Google Interview Question
Software EngineersCountry: United States
Interview Type: Phone Interview
this is adapted from unbelievably mind-twisting STL lower/upper bound implemenetations:
void find_bounds(int *a, int n, int val) {
int beg = 0, end = n-1;
// searching upper bound
while(beg < end) {
int mid = (beg + end)/2;
if(!(val<a[mid])) {
beg = mid+1;
} else {
end = mid;
}
}
int upper_bnd = beg;
beg = 0, end = n-1;
while(beg < end) {
int mid = (beg + end)/2;
if(a[mid] < val) {
beg = mid+1;
} else {
end = mid;
}
}
int lower_bnd = beg;
printf("[%d; %d]\n", lower_bnd, upper_bnd);
}
//Here is my solution
public static int numberOccurrence(int[]sortedArray,int number,int a,int b)
{
if(a<b)
{
int pivot=(a+b)/2;
int num=sortedArray[pivot];
if(num==number)
return (1+numberOccurrence(sortedArray, number, a, pivot)+numberOccurrence(sortedArray, number, pivot+1, b));
else if(num>number)
return numberOccurrence(sortedArray, number, a, pivot);
else
return numberOccurrence(sortedArray, number, pivot+1, b);
}
else
return 0;
}
1) Use binary search until mid points to the required number.
2) Then do left++ and right-- until both point at the required number.
3) Take difference between left and right pointer to find the number of repetition.
/*
Given a sorted array, find a way to find the # of occurrence of a number
for eg: [1, 1, 2, 3, 3, 3, 4, 5]
find # of occurrence of 3 in time better than O(n)
*/
public class NumOfOccurence {
public static void main (String args[]) {
int[] a = {1, 2, 3, 3, 3, 3, 3, 4, 5};
for (int i = 0; i < 6; i++) {
int r = func(a, i);
System.out.println("i = " + i + " Rep: " + r);
}
}
public static int func (int[] a, int n) {
if (a.length == 0)
return -1;
int low = 0;
int high= a.length - 1;
int mid = (low + high) / 2;
while (mid > low && mid < high) {
if (a[mid] == n) {
while (a[low] != a[mid] && low != mid)
low = low + 1;
while (a[high] != a[mid] && high != mid)
high = high - 1;
if (low == high)
return 1;
else
return (high - low + 1);
} else if (a[mid] < n) {
low = mid;
mid = (low + high) / 2;
} else if (a[mid] > n) {
high = mid;
mid = (low + high) / 2;
}
}
// Case when n is present only at edges
if (a[low] == n || a[high] == n)
return 1;
return -1;
}
}
To get O(lgn), we need to find the lower and upper bound of the given number in the array.

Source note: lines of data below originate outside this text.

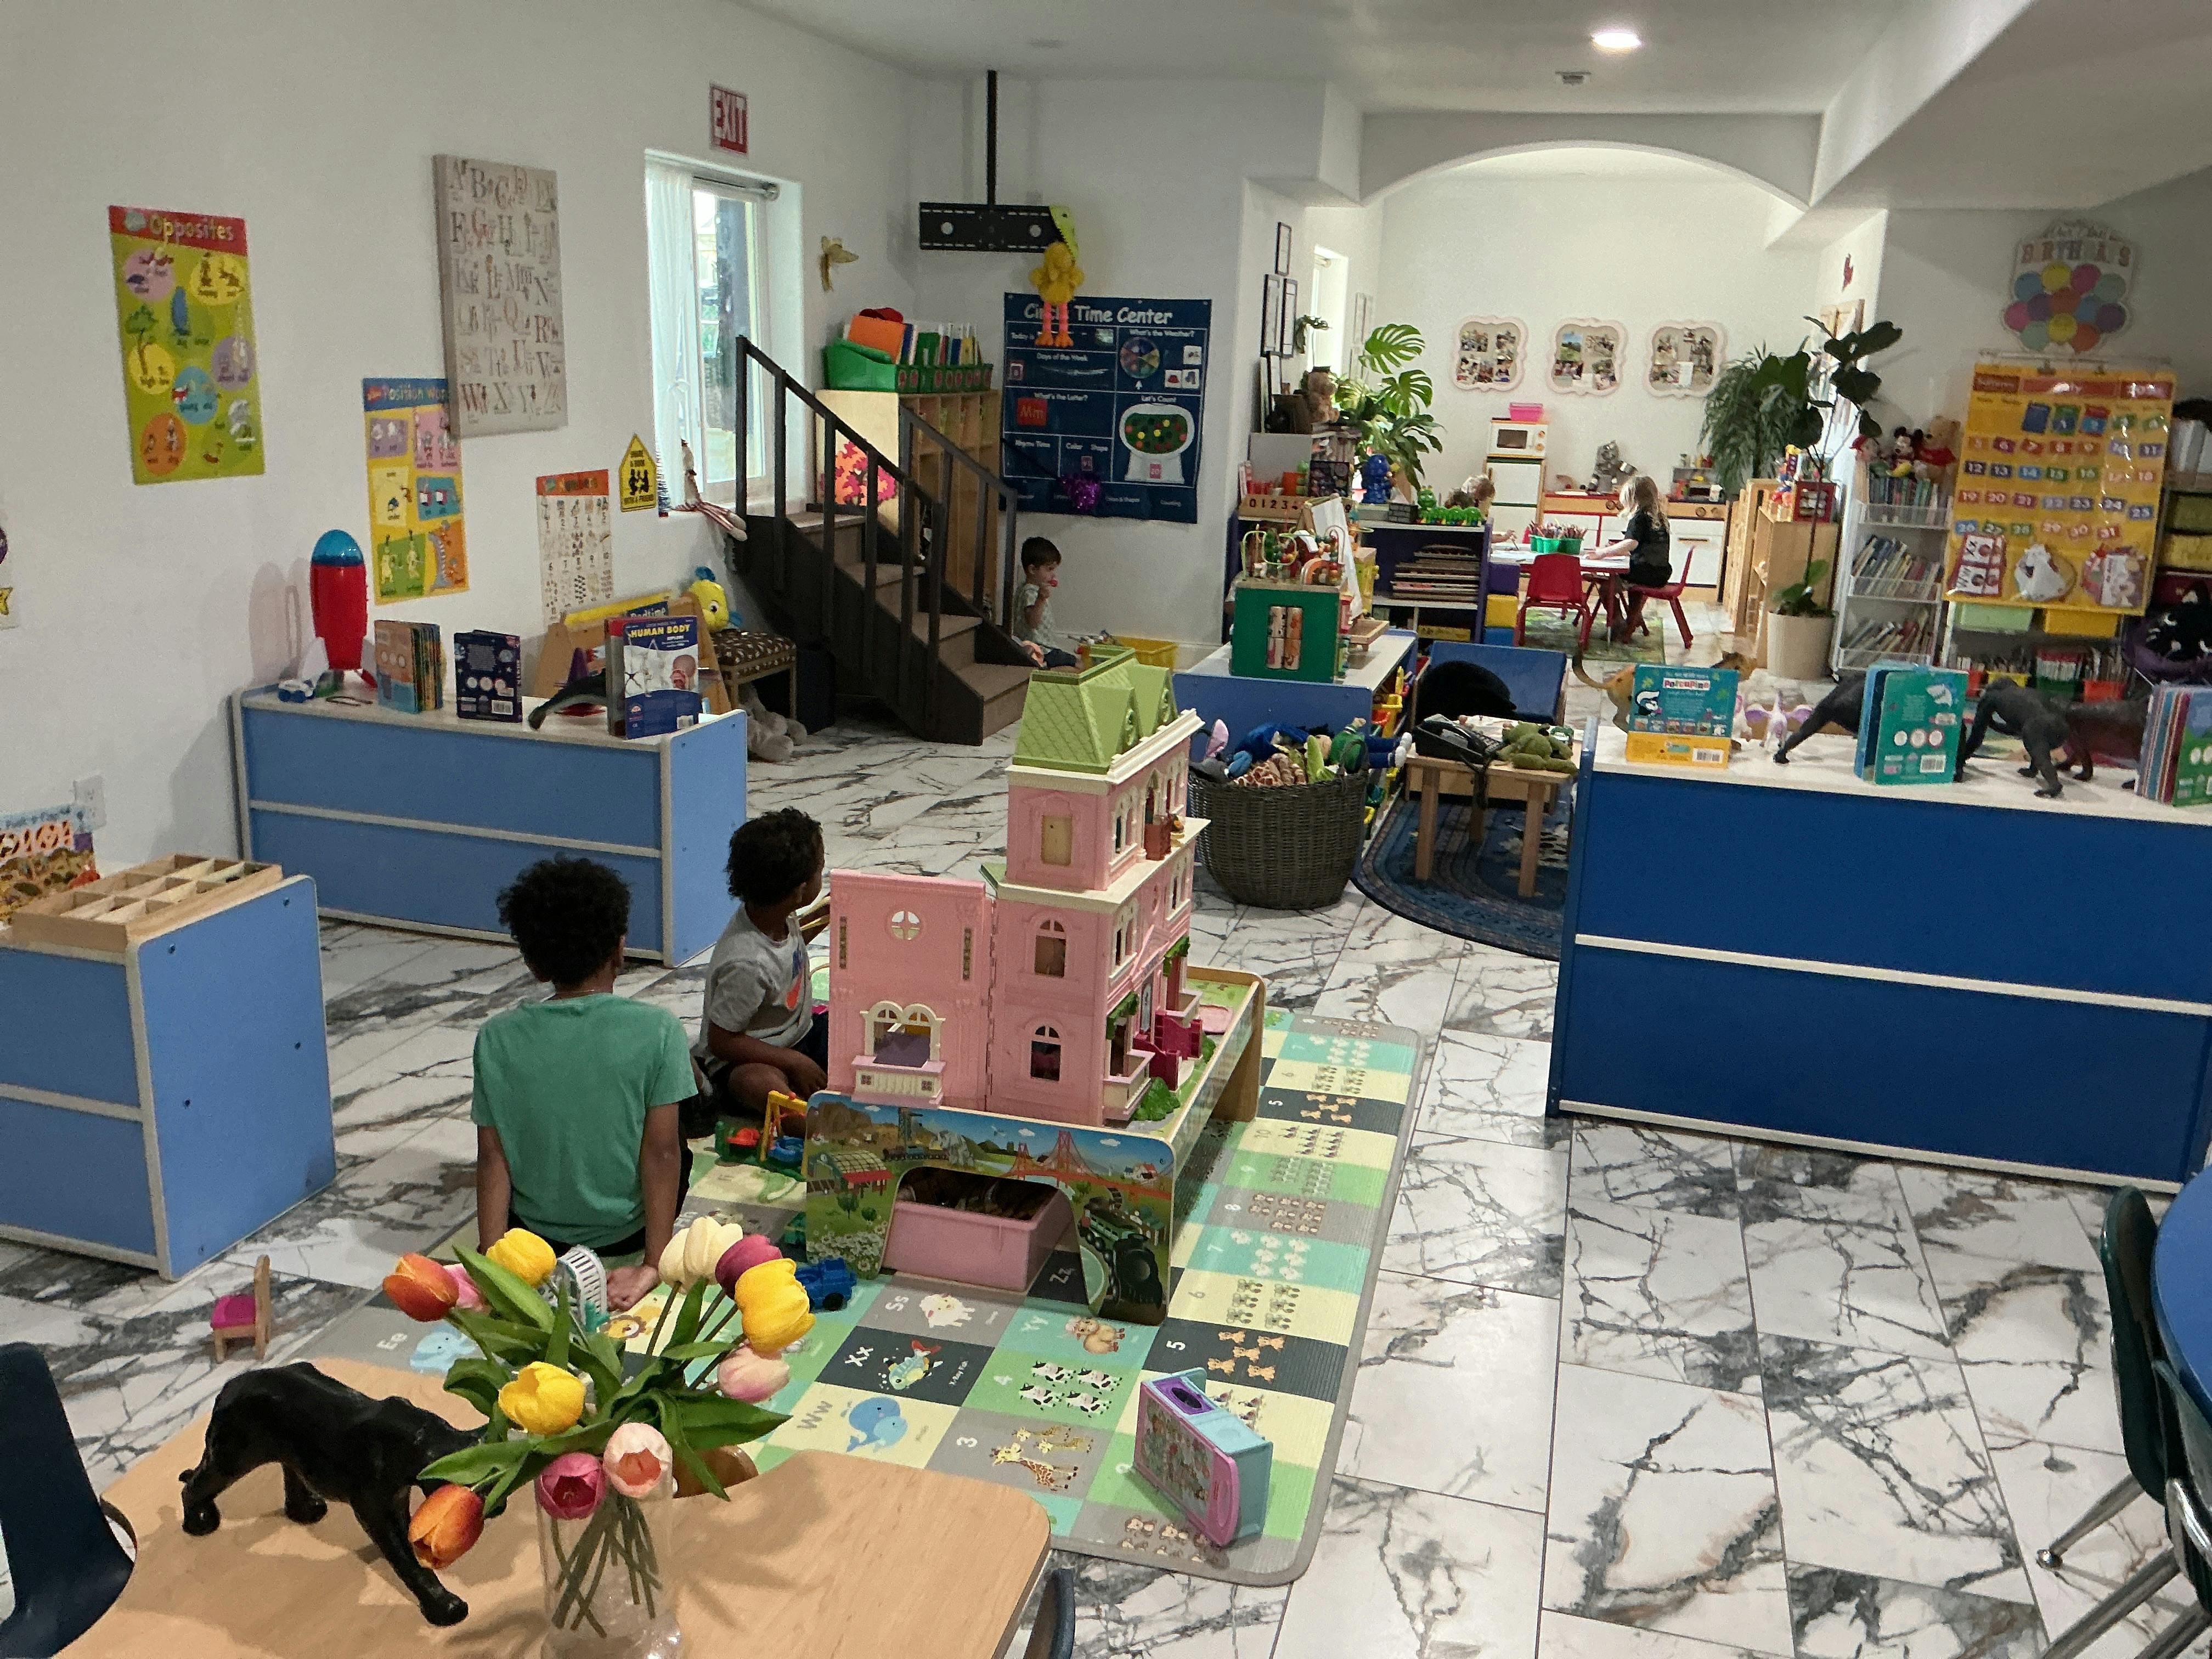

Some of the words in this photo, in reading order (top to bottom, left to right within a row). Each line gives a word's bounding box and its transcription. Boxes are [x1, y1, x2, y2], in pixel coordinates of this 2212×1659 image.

[713, 88, 747, 145] EXIT
[150, 214, 234, 245] Opposites
[1074, 305, 1113, 323] Time
[1116, 307, 1173, 325] Center
[1250, 499, 1256, 507] 0
[1270, 500, 1277, 509] 2
[1281, 500, 1288, 509] 3
[630, 627, 664, 638] HUMAN
[667, 624, 690, 634] BODY
[1664, 680, 1709, 690] Porcupine
[1224, 1203, 1242, 1211] 8
[1207, 1244, 1224, 1253] 7
[1048, 1267, 1076, 1284] Zz
[885, 1295, 909, 1312] Ss
[376, 1333, 408, 1350] Ee
[1166, 1340, 1186, 1351] 5
[845, 1346, 874, 1367] Xx
[993, 1374, 1013, 1386] 4
[797, 1400, 833, 1430] Ww
[956, 1436, 978, 1448] 3
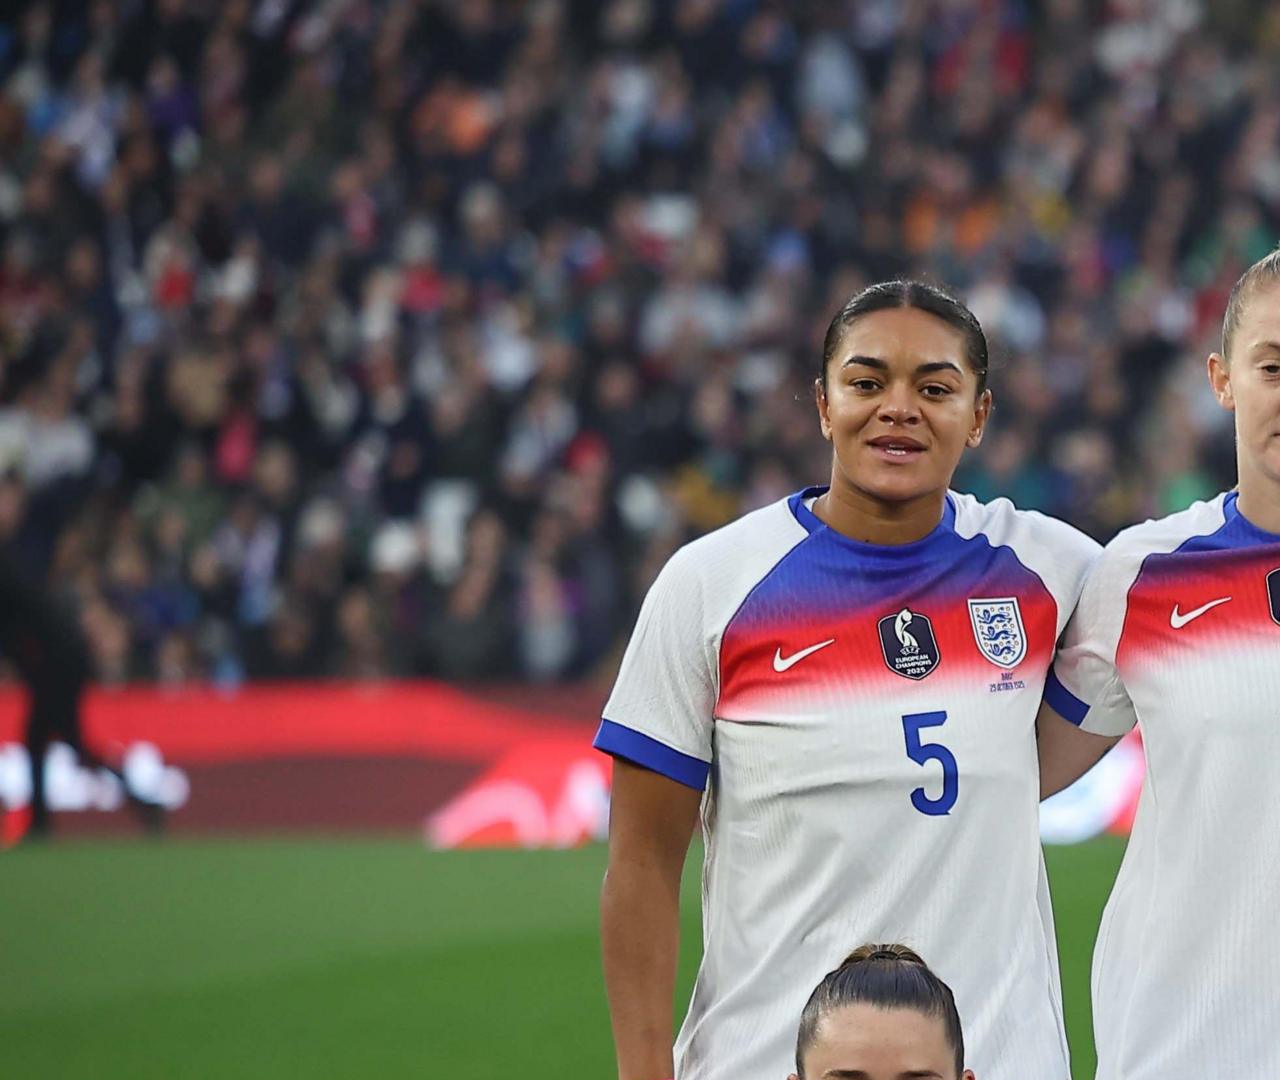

int findnum(int arr[], int n, int k)
{
int start=0;
int end = n-1;
int med=-1;
int low= 0;
int hi = 0;
while(start <= end)
{
med = (start+end)/2;
if( arr[med] < k)
{
low=med;
start = med+1;
}
else if(arr[med] >= k)
end=med-1;
}
start=0;
end = n-1;
while(start <= end)
{
med = (start+end)/2;
if(arr[med] > k)
{
hi = med;
end=med-1;
}
else if(arr[med] <= k)
start = med+1;
}
if(hi == 0 && low != 0)
{
return (n-low-1);
}
else if (low == 0 && hi !=0 )
return hi-low;
else if( hi == 0 && low == 0)
{
if(arr[low] == k)
return n;
return 0;
}
else
return hi-low-1;
In sorted array, we can locate any number in O(logn) time. By finding the first the target's first position and last position, we can count its occurrence in O(logn) time.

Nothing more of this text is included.